As long as cyclists downplay or ignore the seriousness of London’s current congestion problems, the debate about how to tackle the problems will be left to others. The ultimate risk is that London’s authorities follow the lead of Ed Koch, New York’s mayor from 1977 to 1989. In 1980, concerned about high fuel prices, Koch installed high-quality protected bike lanes along many of Manhattan’s busiest avenues. Stung by criticism of their effect on congestion and modest use levels, he then went on to rip the lanes out again within weeks. His volte face was so complete that he even sought to have cyclists banned from midtown Manhattan altogether.

I should stress, of course, that none of my concerns means I’m accepting the simplistic account of London’s congestion problem that attributes a significant role to the reallocation of road space to the cycle superhighways. Transport planners have known for many years that the number of lanes on a road has far less effect on its capacity than might be supposed. A large amount of congestion comes from motorists’ unnecessary lane-changing, which elimination of a traffic lane can actually reduce. It’s also clear - as David Begg tells me he now accepts - that the figure of 25 per cent for the reduction in road space is a ridiculous exaggeration.
The north-south Cycle Superhighway in Waterloo:
no mistaking the success

It’s also unmistakeable that the segregated superhighways are proving hugely popular as a commuting route. This past Thursday, when we moved back into our house in Brixton, I cycled in the morning rush south down the north-south cycle superhighway. I was astonished at the vast numbers of cyclists heading the other way, north into central London. Pelotons of 30 to 40 riders powered past me in clumps formed by the timing of the traffic lights. Much of the time, there must have been at least as many people using the narrow cycle track as using the far wider road for motor traffic. That striking result has been achieved only a few months after the cycle paths’ opening and before the two main cycle tracks have been extended as far as is eventually intended.
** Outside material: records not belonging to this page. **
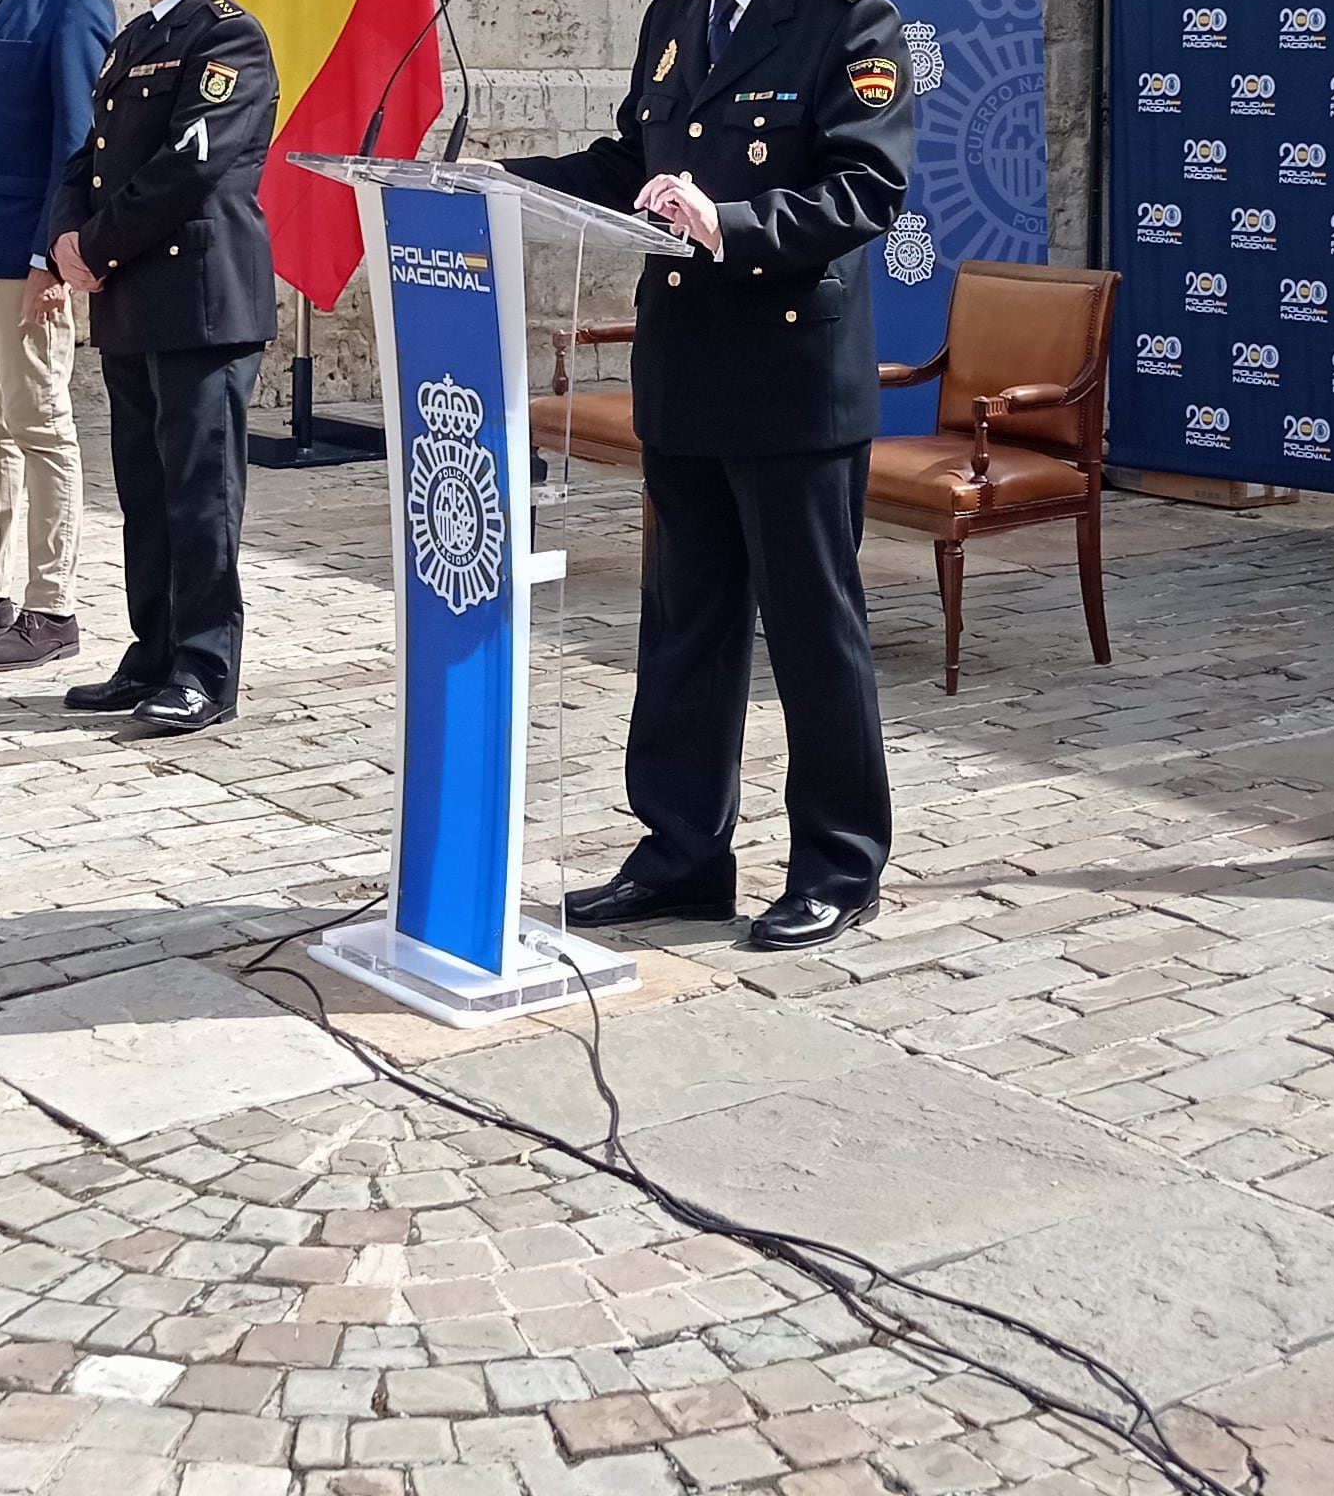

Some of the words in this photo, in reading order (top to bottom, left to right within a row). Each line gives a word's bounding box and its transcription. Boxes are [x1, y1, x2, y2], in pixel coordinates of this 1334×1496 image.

[1183, 8, 1227, 31] 200
[1280, 8, 1325, 32] 200
[1139, 73, 1180, 96] 200
[1231, 75, 1275, 98] 200
[968, 84, 1013, 165] CUERPO
[1184, 139, 1226, 163] 200
[1280, 143, 1326, 167] 200
[1138, 203, 1181, 227] 200
[1231, 208, 1276, 233] 200
[392, 265, 491, 292] NACIONAL
[1186, 272, 1227, 297] 200
[1280, 279, 1327, 304] 200
[1137, 334, 1181, 359] 200
[1233, 343, 1279, 368] 200
[1186, 405, 1229, 431] 200
[1284, 416, 1330, 442] 200
[435, 538, 477, 563] NACIONAL
It is clear, meanwhile, to anyone observing with an open mind that there have been far more dramatic changes on London’s roads than the handing over of a single lane on a small number of roads to cyclists. For example, the traffic that I dodge as I go to buy my lunchtime pie is currently made up far more than in previous years of heavy dumper trucks going to and from the huge numbers of development sites dotted across the City. The rise of Uber has produced a surge in the numbers of private-hire vehicles on the roads, which Transport for London has very little capacity to restrain.
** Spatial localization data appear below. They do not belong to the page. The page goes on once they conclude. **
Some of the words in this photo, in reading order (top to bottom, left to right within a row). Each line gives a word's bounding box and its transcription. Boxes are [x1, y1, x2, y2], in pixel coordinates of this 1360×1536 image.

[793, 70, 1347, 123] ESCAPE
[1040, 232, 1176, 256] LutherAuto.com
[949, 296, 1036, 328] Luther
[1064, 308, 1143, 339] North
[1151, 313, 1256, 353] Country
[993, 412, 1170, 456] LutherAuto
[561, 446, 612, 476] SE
In the past week, I’ve cycled on multiple bits of road whose capacity was restricted for one reason or another. But they included road narrowings for work on both Crossrail, the project to build an east-west rail line right across central London, and the extension of London Underground’s Northern Line to Battersea. Both of the rail projects are generating significant construction traffic and forcing the narrowing of roads in a number of places.
Cyclists by the new route over Vauxhall
Bridge: all modes are contending with
restricted road space.

Nevertheless, I keep returning to the feeling I had as I sat in that taxi from the airport on July 7 as I sat in stalled traffic. It was hard as I looked at nearly-empty, mid-morning cycle superhighways not to yearn for my taxi driver to turn onto the invitingly open stretch of tarmac to shorten our interminable journey. If I thought that as someone who would later the same day be cycling along the same routes, it’s hardly surprising if people with less stake in encouraging cycling feel frustrated at the current situation. If that feeling is not to end up leading to the abandonment of the superhighway programme, it is vital that something is done to tackle the on-street congestion.

That, David Begg tells me, is the essential argument he was seeking to put across in his report in June on the impact of congestion on bus passengers. While much of the commentary around the report focused on the erroneous 25 per cent figure and some loose phrasing that Prof Begg tells me he also now regrets, it’s hard to escape the report’s central argument. Boris Johnson encouraged changes to the use of London’s streets that were bound to make streets more congested without having the courage to make anti-congestion measures like the congestion charge more effective. The former mayor instead did a great deal to exacerbate the congestion crisis by removing the congestion charge in Kensington and Chelsea. He also replaced high-capacity, articulated buses with the lower-capacity New Bus for London.
Another day, another set of people failed by roads policy

If cyclists are not to suffer the consequences of Boris Johnson’s policy failures, it is vital that cycle campaigners start to recognise the nature of the competition under way for scarce road space. People who start cycling, after all, are mostly switching to riding from underground, rail or bus so are not self-evidently reducing the burden on the road network.

Cycle campaigners consequently have to start noisily pointing out that the present crisis’s causes extend far beyond the installation of cycle lanes. It's also vital to start advocating for measures to manage other modes' use of that limited space. There’s a powerful case, for example, for charging lorries far more for entering central London in peak hours, for encouraging the shift of far more short-distance deliveries by bicycle, rather than van and for installing new, better-protected bus lanes to ensure buses don’t sit trapped in traffic created by demand for Uber and Amazon Prime. It’s absurd that neither taxis nor minicabs currently pay the congestion charge when they enter central London and it’s imperative that they start to do so.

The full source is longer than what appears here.